Johnny McDonald, one of the local rangers, feeds the fire and tells us that at this time of the year he has to cull 200 of the 700 wild deer that live in the mountains, stalking them for hours at up to 3,000 feet, sometimes crawling on his belly to within 30 yards of a Royal Stag to drop it with a single high velocity bullet between the head and the shoulder. Actually, "drop it" is a misnomer. "Even though they are dead, their momentum can keep them running for 100 yards," he tells me.

Next day two other rangers, Abby Wylde and Scott McCrombie (once a kilt salesman in America), take us to Glen Etive. Our task in Glen Etive was to clear derelict campsites, hurling boulders and rocks back into the river, and collecting rubbish left by picnickers. After this it was Scott's turn to guide us 2,000 feet up a glen, to a secret valley you couldn't see from below, past tumbling waterfalls, where the McDonalds hid stolen cattle. We mended mountain paths here with mattocks, pinch bars and shovels.

This was the day the elements really seemed in a rage. When sodden we returned to base camp, the five 20-pound notes I had carefully tucked in my wallet were glued together. I had to unstick the dripping notes and dry them over the boiler. Never done that before. Seeing this, Sheila told me how she kept her money dry. She waved a small Perspex bag at me. "Get your wife to get one of these,"she said.

"What is it?" "A Marks and Spencers knickers bag. They never let the wet in." I'll tell you just how much water they have here. If it hadn't been for the reservoir on Ben Cruachan, it's turbines releasing millions of gallons when there is a sudden surge in demand for power on the national grid, half the nation watching the 1966 England versus Germany World Cup Final at Wembley would not have seen extra time. It was no surprise to learn the SAS trained here.

It was in this glen Scot told us about the cherubs he finds. "People love these mountains so much they want them to be their last resting place, so they have memorials put up. We have to take them down or the glen would look like a cemetery. I found a little stone dog statue up here the other day. Somebody had put up a memorial to their pet." The monsoon abated for just one glorious afternoon when the sun blazed high in a clear Botticelli blue sky so bright, the pink and purple heather seemed to burn the velvet green of the mountains. You could see stags on the hillside and hawks high above them. We were alone in this wonderful wilderness.

Yet even when angry and obscured by cloud and rain, Glen Coe evokes a powerful authority, a unique humbling magical presence, like nowhere else. You understand why so many films have been shot here. Braveheart, Mel Gibson's movie of clan leader William Wallace, even castles disguised as Camelot for Monty Python and the Holy Grail. Most recently, the Panavision cameras were in action for the Harry Potter films. The steam train from Fort William to Mallaig doubled for the Hogwarts Express.
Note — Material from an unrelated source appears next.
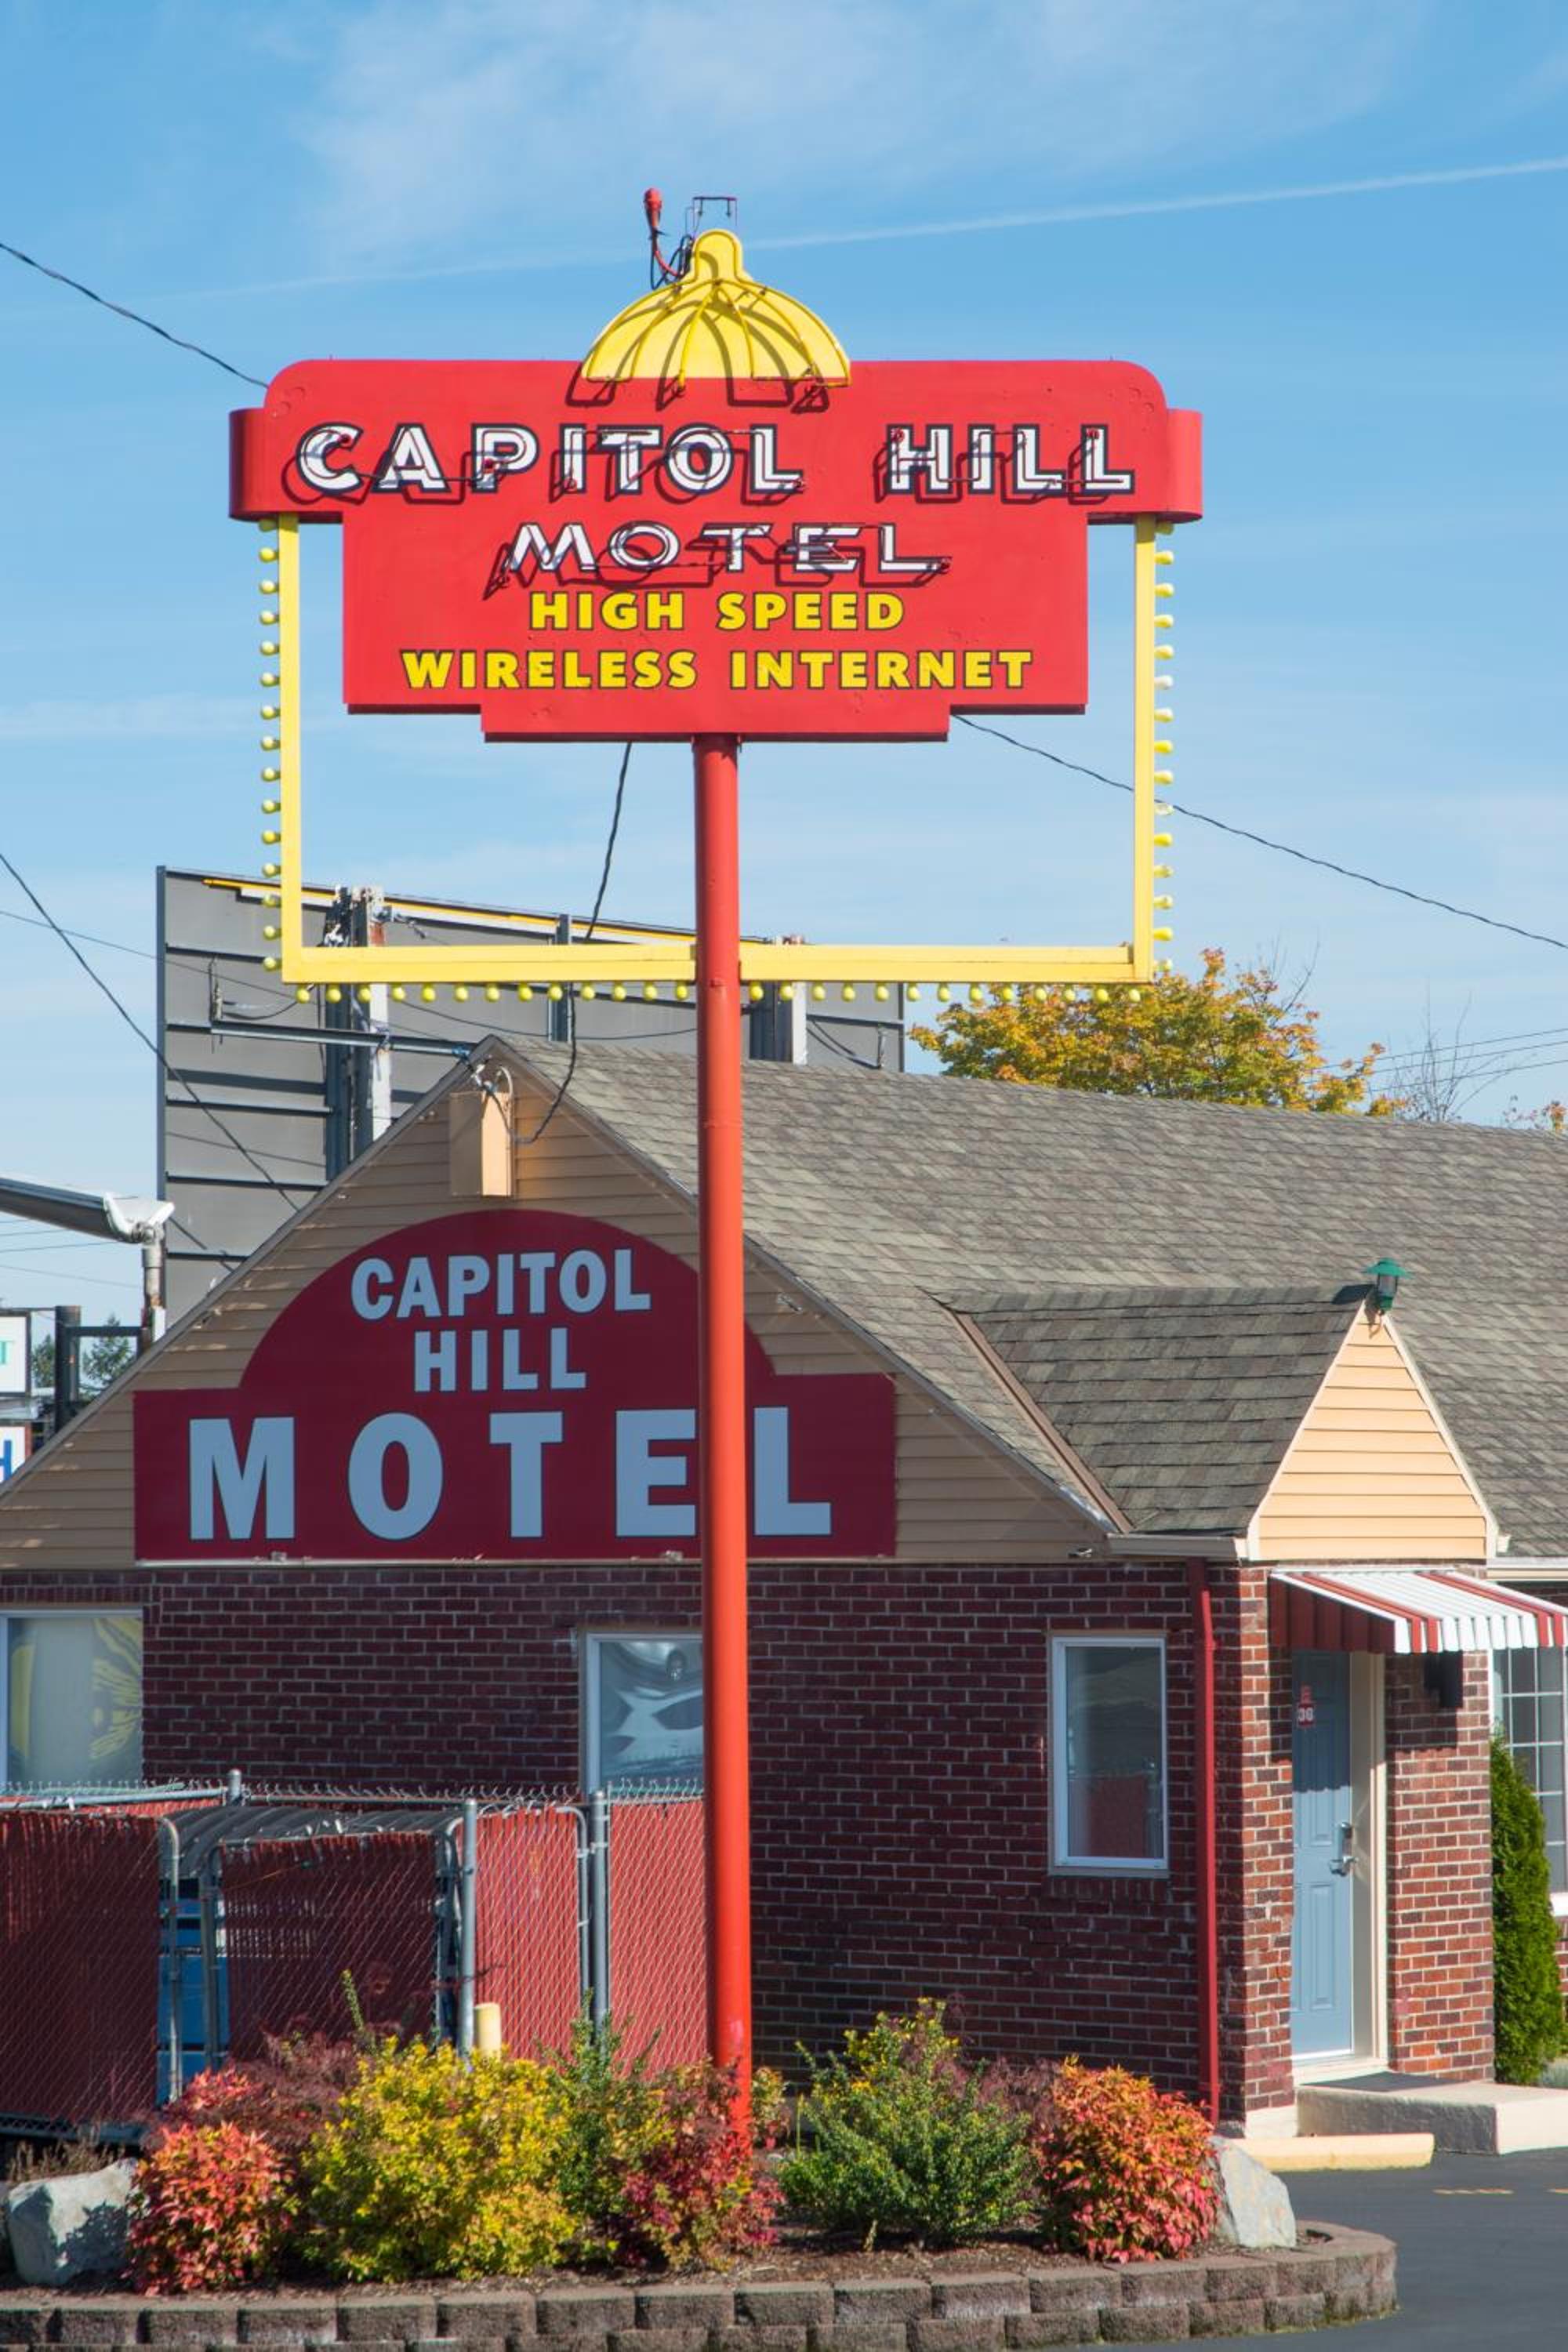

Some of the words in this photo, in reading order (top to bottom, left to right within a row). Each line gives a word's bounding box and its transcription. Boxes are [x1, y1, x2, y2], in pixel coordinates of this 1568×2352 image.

While shooting The Philosopher's Stone, the action became so excited that sparks from the engine momentarily set fire to the 21-arches Glenfinnan Viaduct.

The Trust estimate Thistle Camps save them thousands of pounds a year. Almost half the volunteers are female, and as many aged between 55 and 70 apply as those half their age. They are united by their desire to help preserve a natural heritage and a passionate love of wild open places. The reaction from the public is instructive. While shifting boulders in the Moffat Hills, one sturdy lady walker, thinking this was my day job, told me: "Well, laddie, it's better than stacking shelves at Tesco." Another on Arran asked me if I was on an Asbo (Anti-Social Behaviour Order). In Glen Coe I was given a £10 (Dh68) note from one picnicker by way of reward.

I have been lucky with my holidays. I have slept in Princess Diana's bed on Richard Branson's private Caribbean island, Necker, and cruised the Aegean in the Barclay Brothers luxury yacht. But I wouldn't have swapped them for Glen Coe even though I did nearly drown. Can't wait to return to Glen Etive next year to see if my mountain path repairs have held, but I might take some water wings with me.